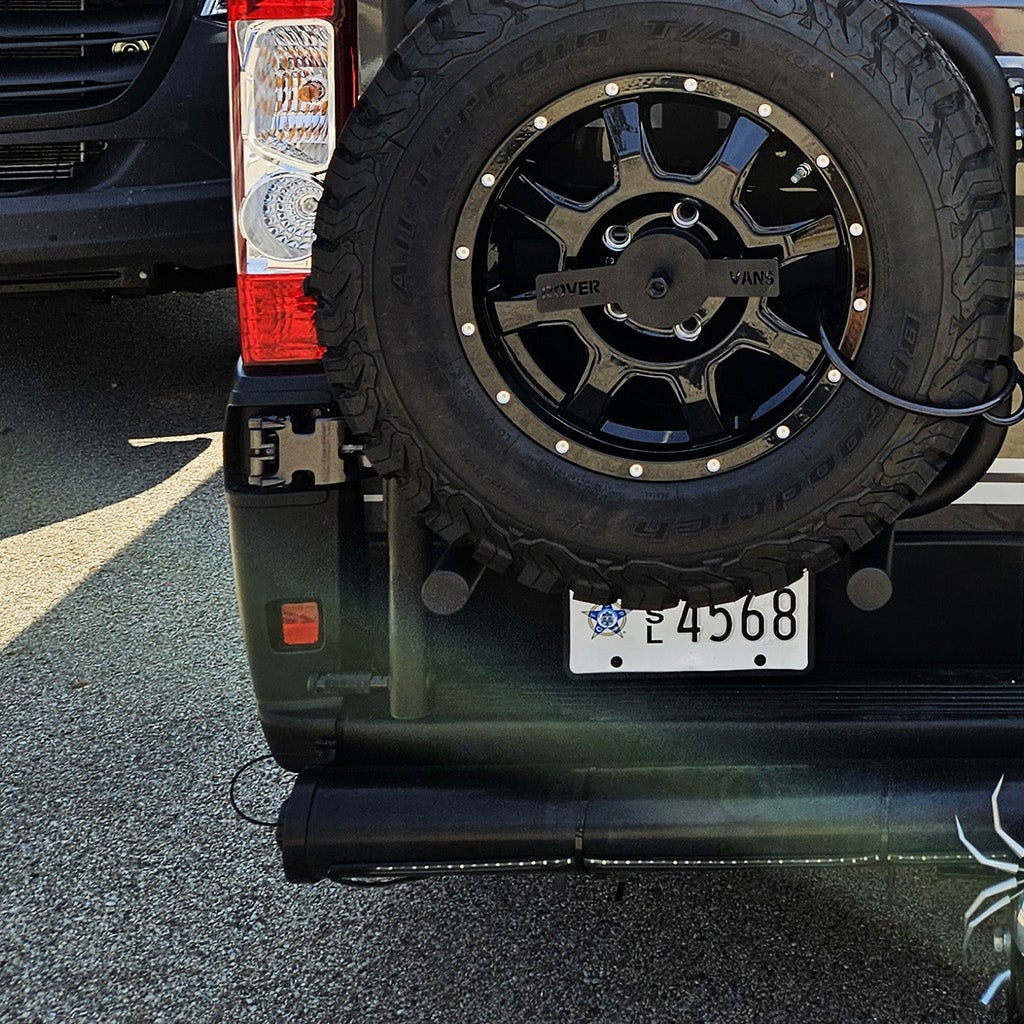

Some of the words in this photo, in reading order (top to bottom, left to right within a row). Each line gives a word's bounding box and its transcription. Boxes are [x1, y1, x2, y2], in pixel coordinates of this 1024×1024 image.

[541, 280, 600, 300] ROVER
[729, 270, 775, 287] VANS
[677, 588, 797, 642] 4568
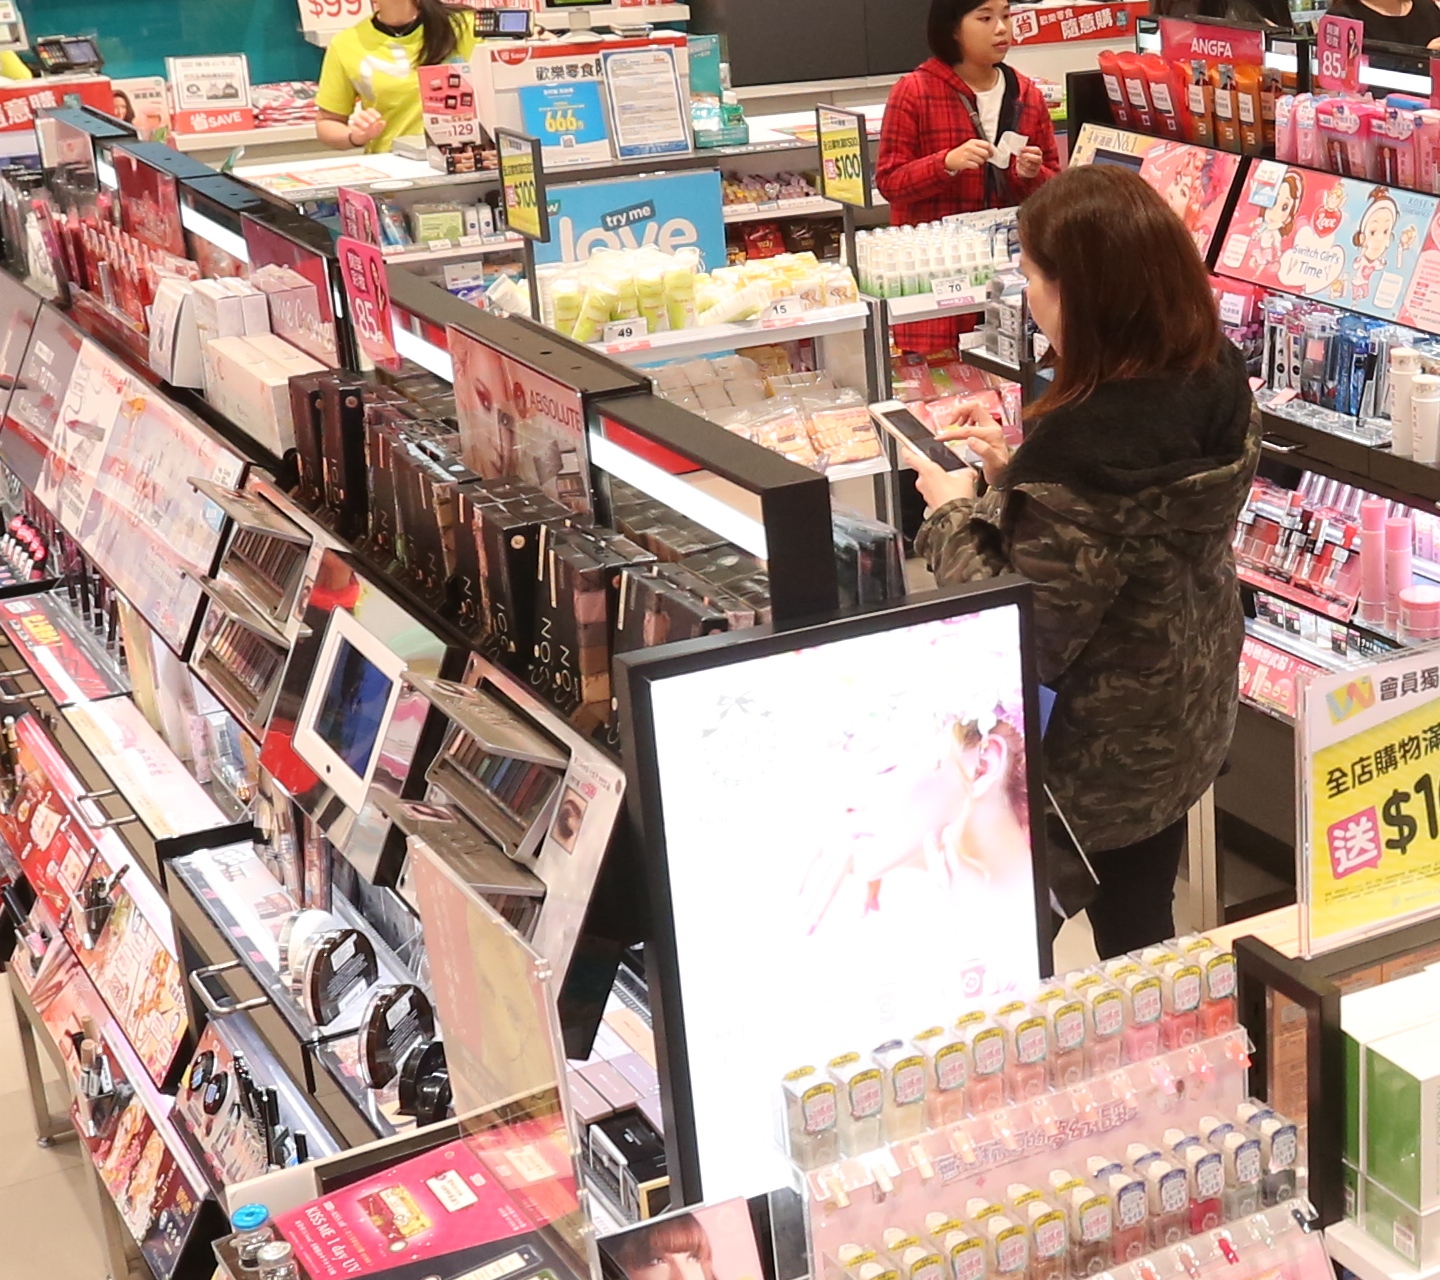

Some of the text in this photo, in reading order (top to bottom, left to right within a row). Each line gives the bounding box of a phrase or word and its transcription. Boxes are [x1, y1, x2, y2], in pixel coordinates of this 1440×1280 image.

════════════════

TRY IT
Where the data contains images, drop them and print the rest exactly.

REPLY
Some of the words in this photo, in reading order (top to bottom, left to right within a row). Each line gives a word's bounding box and its transcription. Boxes are [x1, y1, x2, y2], in pixel coordinates of this 1024×1024 image.

[541, 280, 600, 300] ROVER
[729, 270, 775, 287] VANS
[677, 588, 797, 642] 4568

Some of the text in this photo, in reading order (top to bottom, left to right within a row). Each line gives the bounding box of a phrase or word and its transcription. Boxes are [x1, y1, x2, y2], in pixel coordinates of this 1440×1280 image.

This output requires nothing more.